Our sister publication Knowledge@Wharton recently sat down with Kent Smetters, a Wharton professor of business economics and public policy, to talk about the impact of proposed immigration reforms on the U.S. economy. KWHS gleaned a few of the essentials from that interview and other sources to help you start thinking about how the RAISE Act would impact your lives and communities.

The current immigrant situation in the U.S. About 800,000 legal immigrants (we are not talking about undocumented immigrants here) come into the United States every year, a quarter of a percent of the U.S. population, which is 325 million and counting. About 45% of those immigrants are college-educated, and the rest are typically very unskilled. The way to think about immigration in America is to adopt a barbell approach: We have a lot of people who are very unskilled, and a lot of people who are college-educated.

RAISE and its impact. RAISE stands for Reforming American Immigration for a Strong Economy. Reintroduced by U.S. Republican Senators Tom Cotton and David Perdue in early August and endorsed by President Donald Trump, the RAISE Act seeks to raise the bar for skill sets but also aims to reduce the number of legal immigrants allowed into the country by 50% over the next 10 years. It lowers the total amount of legal immigrants every year to roughly about 400,000. But it tries to change the skill mix such that instead of 45% of them being college-educated, it would be around 75%.

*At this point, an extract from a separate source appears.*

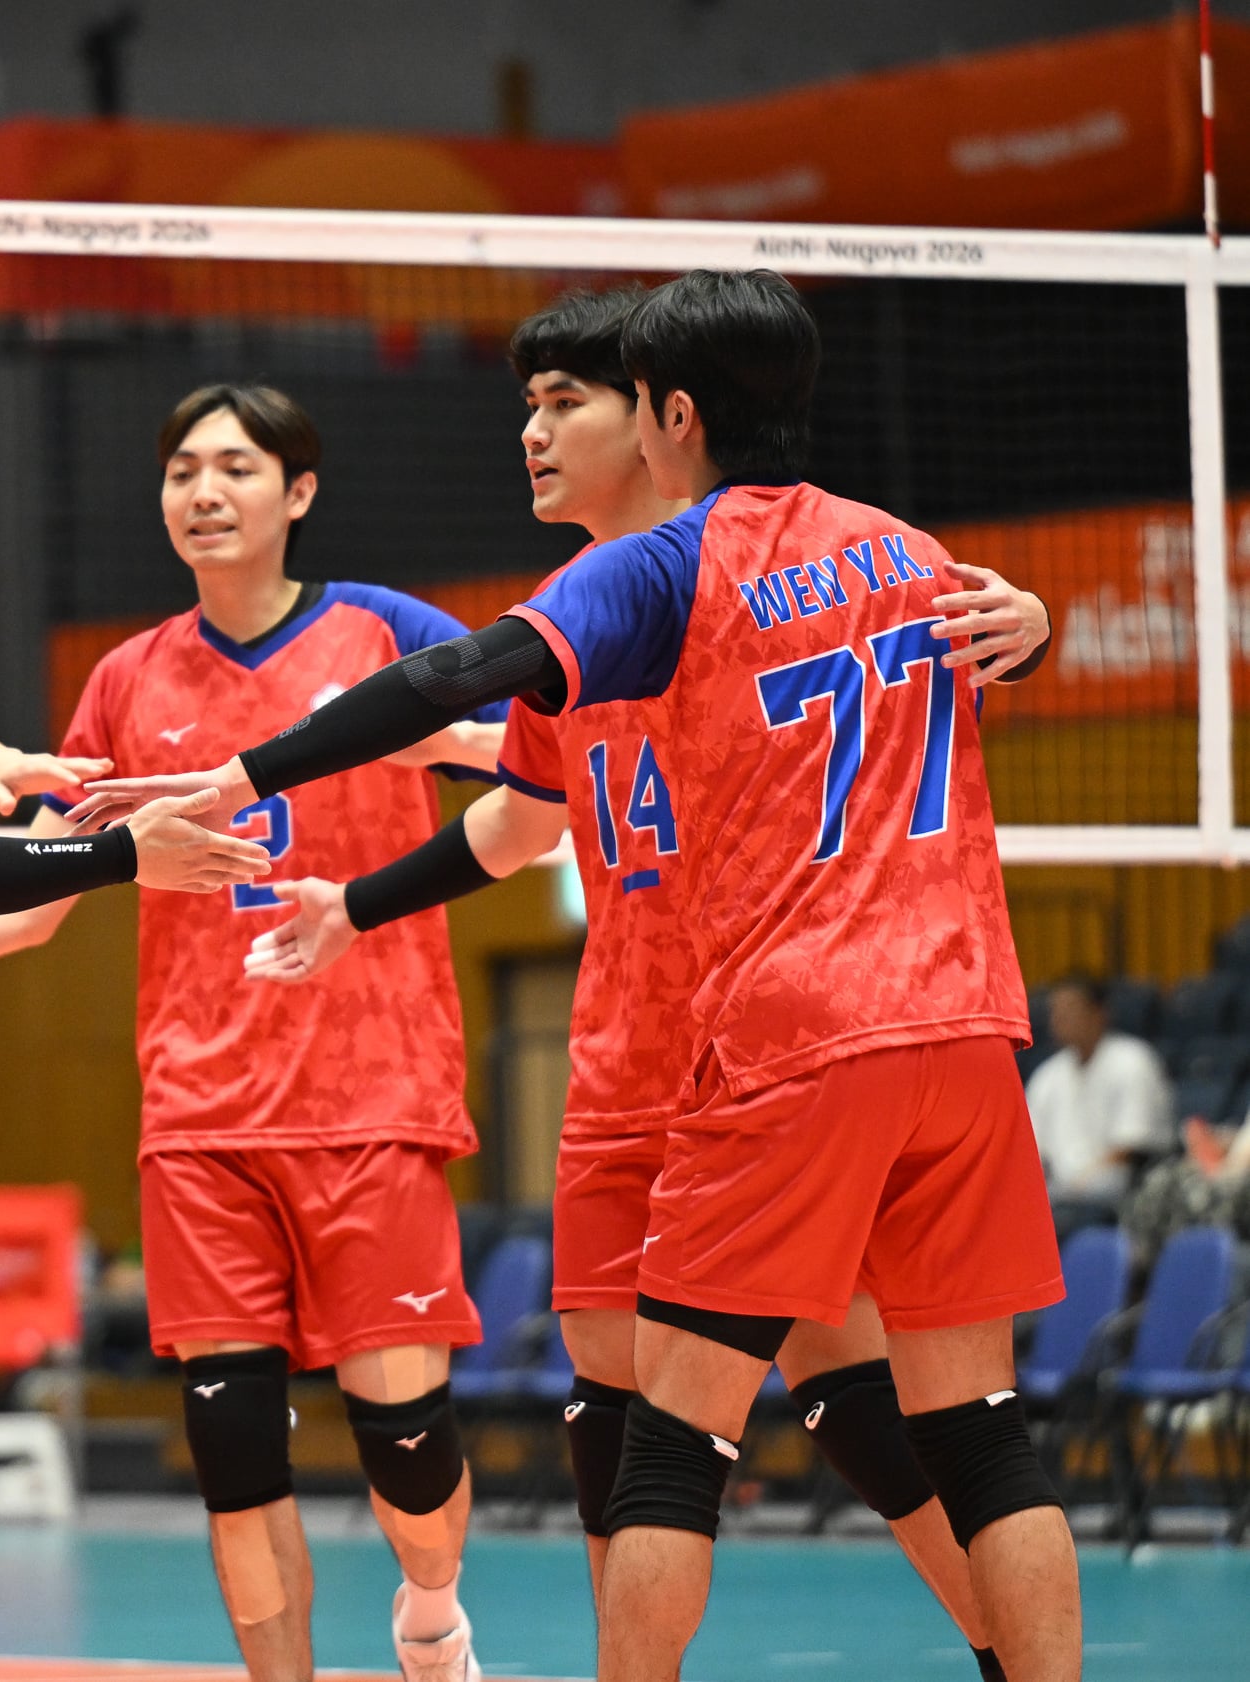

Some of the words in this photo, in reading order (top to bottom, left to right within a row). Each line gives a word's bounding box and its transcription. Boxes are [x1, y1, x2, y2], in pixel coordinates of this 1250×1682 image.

[738, 555, 849, 631] WEN
[842, 534, 934, 593] Y.K.
[586, 734, 680, 869] 14
[754, 615, 955, 865] 77

The motivation for these policy changes. According to its sponsors, the RAISE Act seeks to spur economic growth and raise American workers’ wages. “For decades our immigration system has been completely divorced from the needs of our economy, and working Americans’ wages have suffered as a result. Our legislation will set things right,” said Sen. Cotton in a statement. “We will build an immigration system that raises working wages, creates jobs, and gives every American a fair shot at creating wealth, whether your family came over on the Mayflower or just took the oath of citizenship.” Added Sen. Perdue: “We want to welcome talented individuals from around the world who wish to come to the United States legally to work and make a better life for themselves. The RAISE Act will create a skills-based system that is more responsive to the needs of our economy and preserves the quality of jobs available to American workers.”

A critical look at the numbers. Wharton research indicates that the RAISE Act could actually be a big negative for the nation’s gross domestic product (GDP) and employment. GDP is the most important economic indicator of the U.S. economy as well as economies around the world. GDP measures all goods and services that a country produces – from cell phones and strawberries to the plumber who fixed your sink last week — and it can be a kind of directional marker, giving clues about everything from your likelihood of getting a job, to the interest rate you will pay on a car loan or other debt.  It also tells economists when to start using the “R” word: A recession is often defined as two consecutive quarters of contraction in GDP. A steadily rising GDP typically means that the economy is humming, whereas a weak GDP means the economy is hurting.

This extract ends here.